Improved severe injury reporting requirements among US businesses has revealed a disturbing trend: On an average workday in the US, seven employees suffer amputations of their fingers, toes, hands or other body parts.
In 2015, new regulations enacted by the US Department of Labor required US companies to report any serious workplace injury, such as those involving amputations or a worker hospitalization. Prior to then, businesses were only obligated to report accidents involving an employee’s death.
Now that the US Occupational Safety and Health Administration has had time to analyze a full year of data, the agency reported that last year there were 2,644 workplace accidents involving amputations.

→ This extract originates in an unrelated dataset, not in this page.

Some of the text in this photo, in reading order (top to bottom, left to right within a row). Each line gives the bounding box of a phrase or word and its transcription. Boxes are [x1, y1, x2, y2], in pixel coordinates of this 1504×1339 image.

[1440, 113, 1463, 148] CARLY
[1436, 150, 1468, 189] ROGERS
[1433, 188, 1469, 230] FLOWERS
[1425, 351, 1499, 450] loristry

And through July 31 of this year, there have been 1,500 amputation reports — an average of seven amputations per day for both years.
Targeting Amputations in the Workplace
The new reporting requirement and the trends it reveals allows OSHA to identify problems in order to improve awareness among US businesses and their workers, according to David Michaels, Assistant Secretary for Labor for Occupational Safety. It also has allowed OSHA to go after repeat offenders.

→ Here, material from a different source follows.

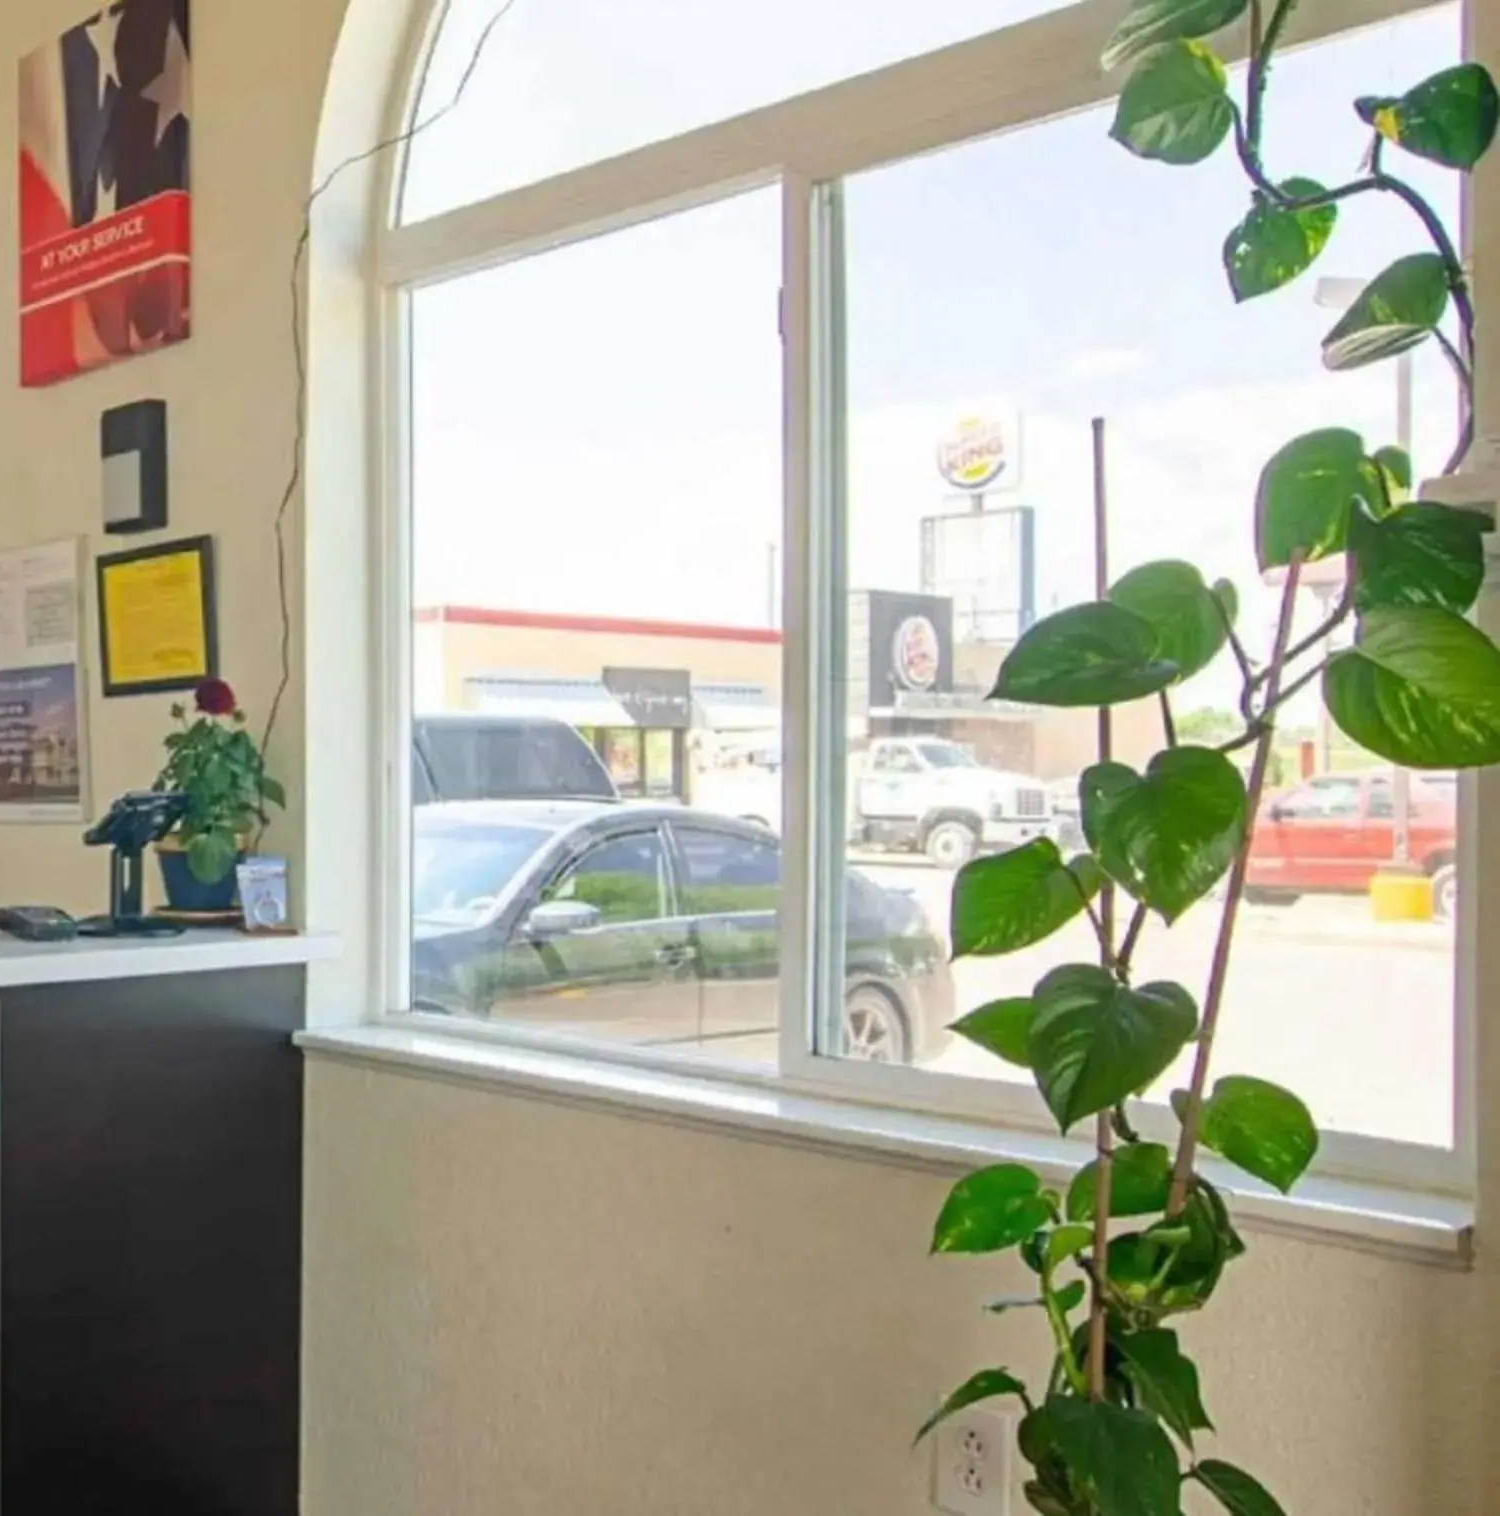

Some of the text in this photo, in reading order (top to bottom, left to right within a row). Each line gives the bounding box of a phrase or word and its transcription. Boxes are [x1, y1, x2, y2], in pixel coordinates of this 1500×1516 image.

[40, 251, 55, 271] AT
[58, 238, 91, 264] YOUR
[93, 216, 145, 250] SERVICE

“In case after case, the prompt reporting of work injuries has created opportunities for us to work with employers we wouldn’t have had contact with otherwise,” Michaels said in an OSHA news release revealing the agency’s findings. “The result is safer workplaces for thousands of workers.”
Three Accidents in as Many Months
In February, OSHA issued a $172,000 fine against Schwan’s Global Supply Chain Inc., a leading supplier of frozen specialty foods, after two women working at the company’s facility in Salina, Kansas, suffered amputations in separate accidents and a third suffered lacerations and burns.

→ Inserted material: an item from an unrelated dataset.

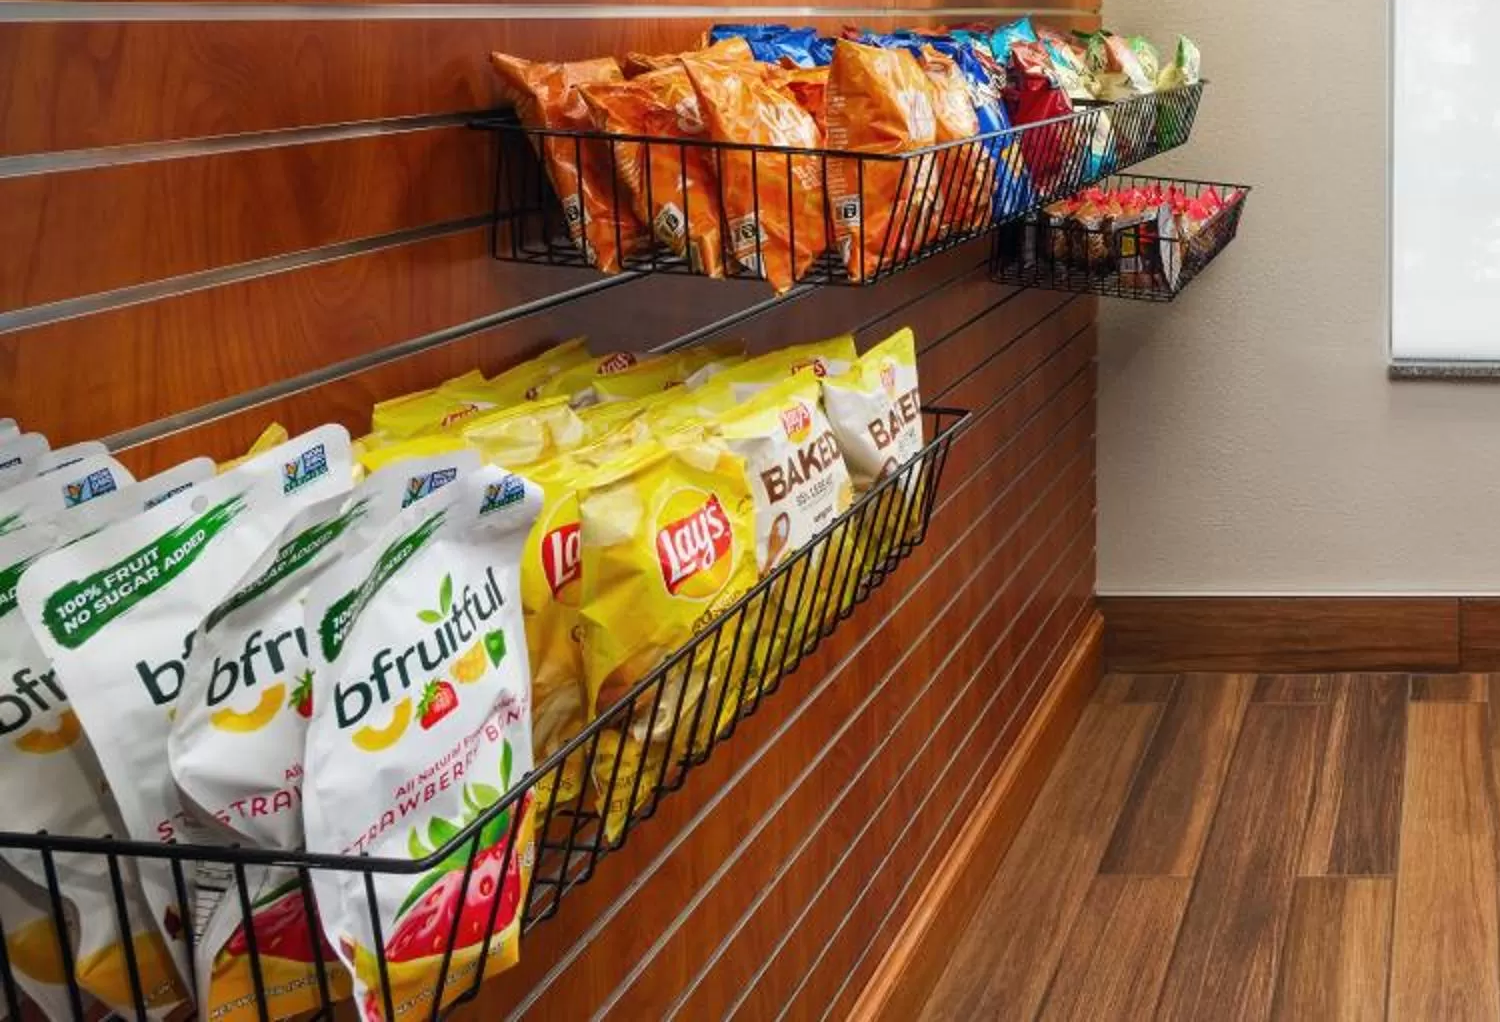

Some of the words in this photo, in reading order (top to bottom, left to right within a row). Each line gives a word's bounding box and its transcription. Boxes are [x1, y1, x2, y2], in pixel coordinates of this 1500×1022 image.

On Aug. 11, 2015, a 55-year-old worker was picking pizza crumbs and crust that had collected around an oven when her work glove became caught in an unguarded conveyor chain and sprocket assembly. Her right hand was later amputated by surgeons.
A little more than two months later, a 49-year-old woman working at the same facility was walking beneath a conveyor when she reached up to get her balance. As she attempted to stand, her hand apparently came into contact with an unguarded chain and sprocket assembly on the conveyor’s underside resulting in the amputation of the middle finger on her left hand.
On Sept. 30, 2015, a 49-year-old worker reached into an an area of a conveyor to clear a jam of pizza pans. She suffered a laceration, broken bones, and burns to the palm of her left hand. OSHA investigators later determined that safety guards had not been installed on operating parts between the top and bottom conveyors.